• [Your assignment]:
Pictures do not belong in the copy; quote every entry below exactly.

Saved entries

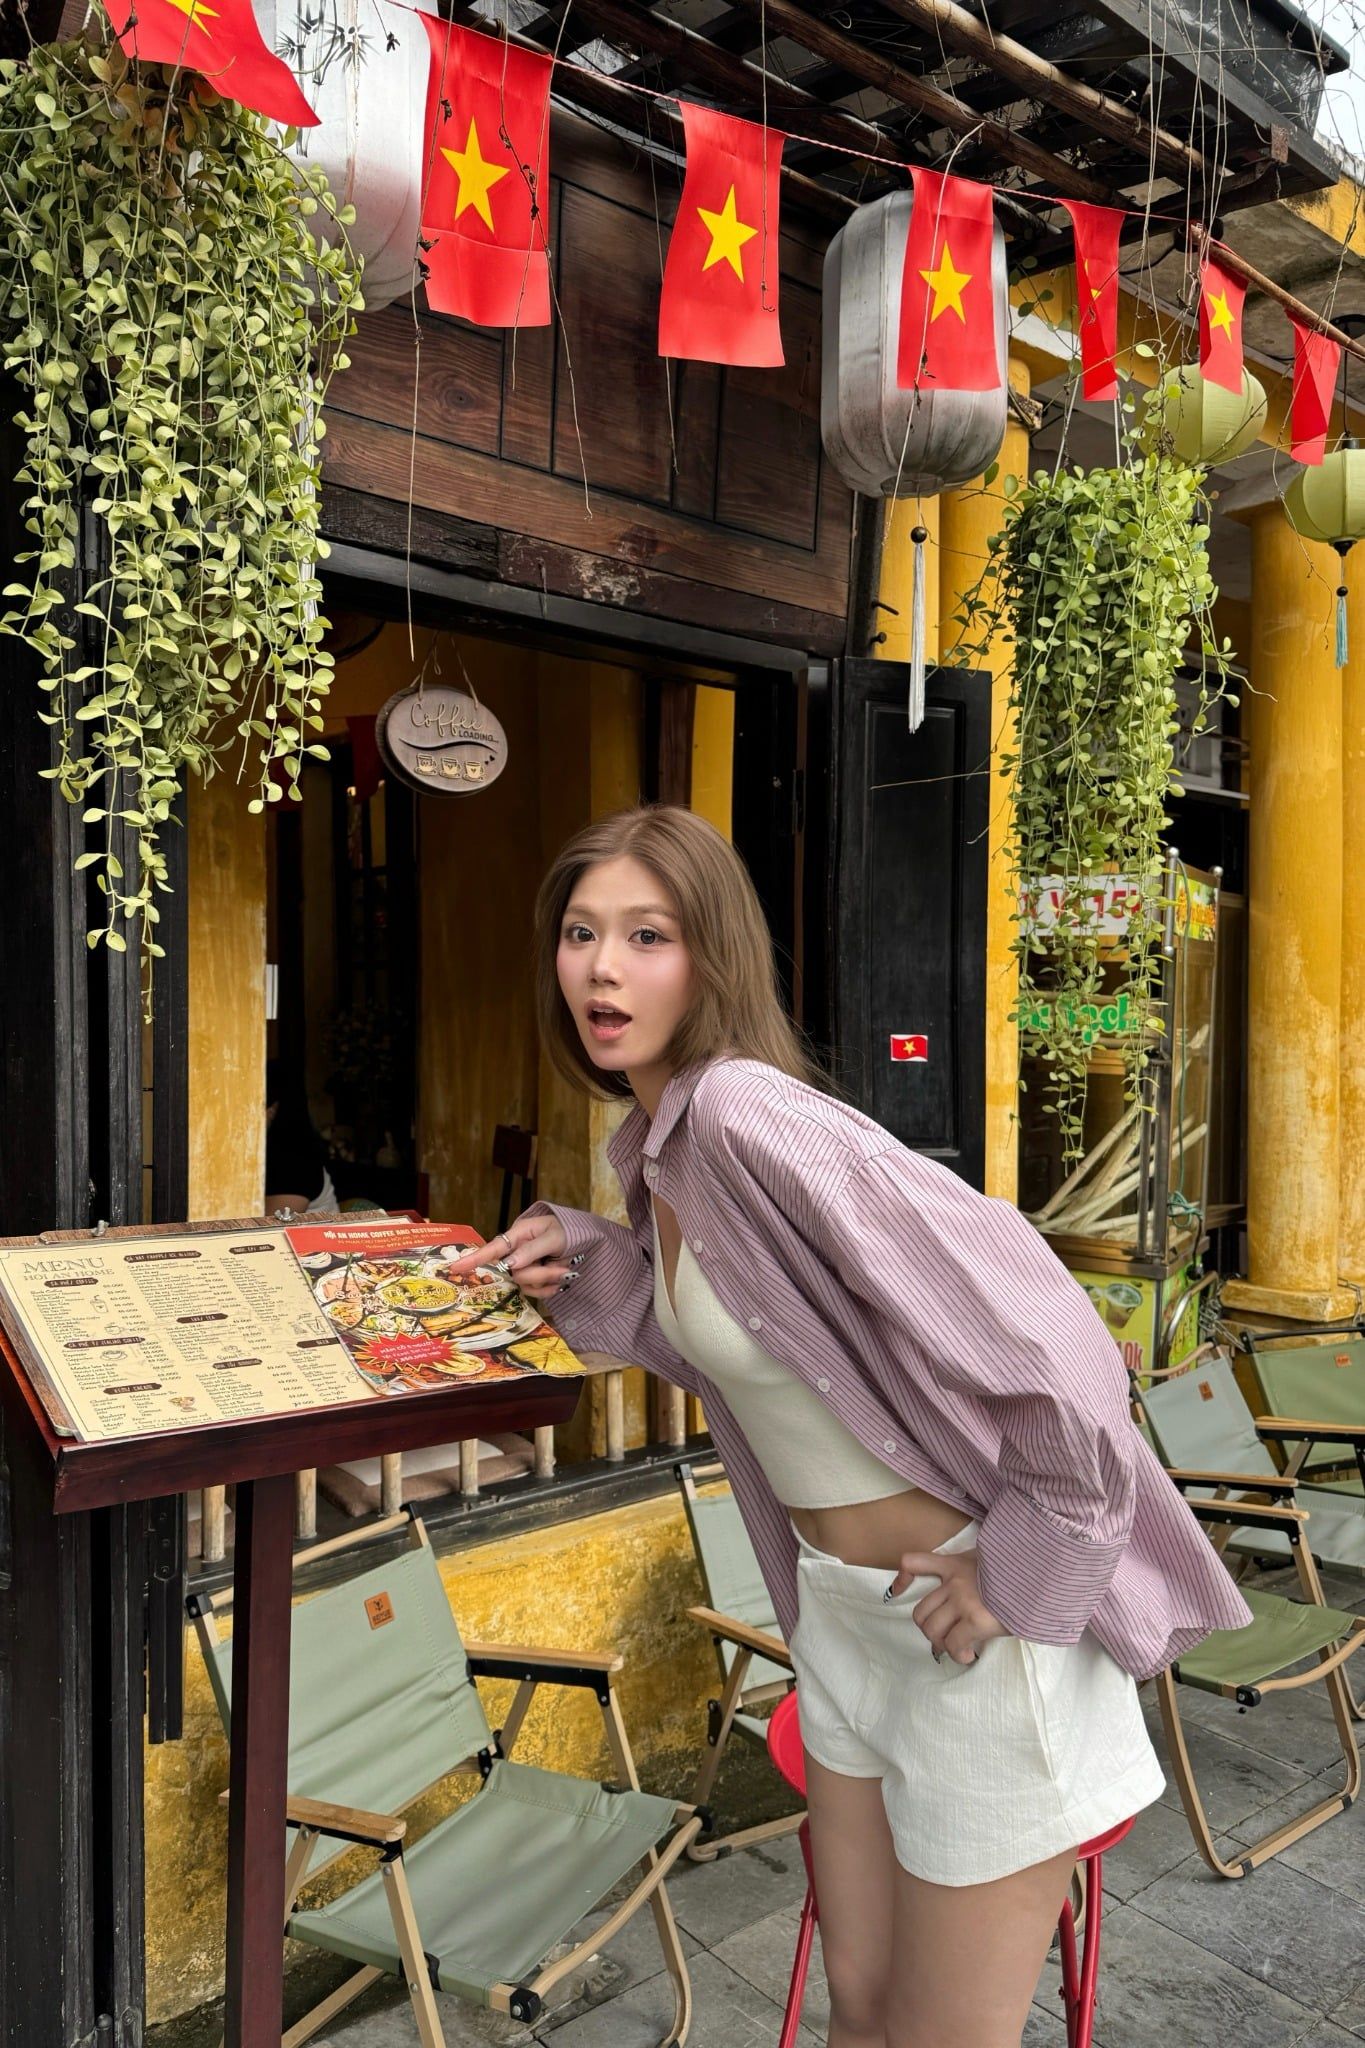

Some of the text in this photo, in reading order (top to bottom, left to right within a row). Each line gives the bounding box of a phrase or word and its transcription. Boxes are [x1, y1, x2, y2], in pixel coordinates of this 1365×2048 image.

[411, 703, 481, 737] Coffee
[348, 1231, 370, 1239] HOME
[371, 1230, 394, 1238] COFFEE
[23, 1257, 105, 1274] MENU
[53, 1272, 71, 1280] AN
[75, 1269, 115, 1278] HOME

• [Output of the task]:
Some of the text in this photo, in reading order (top to bottom, left to right within a row). Each line gives the bounding box of a phrase or word and its transcription. Boxes are [x1, y1, x2, y2], in pixel coordinates of this 1365×2048 image.

[411, 703, 481, 737] Coffee
[348, 1231, 370, 1239] HOME
[371, 1230, 394, 1238] COFFEE
[23, 1257, 105, 1274] MENU
[53, 1272, 71, 1280] AN
[75, 1269, 115, 1278] HOME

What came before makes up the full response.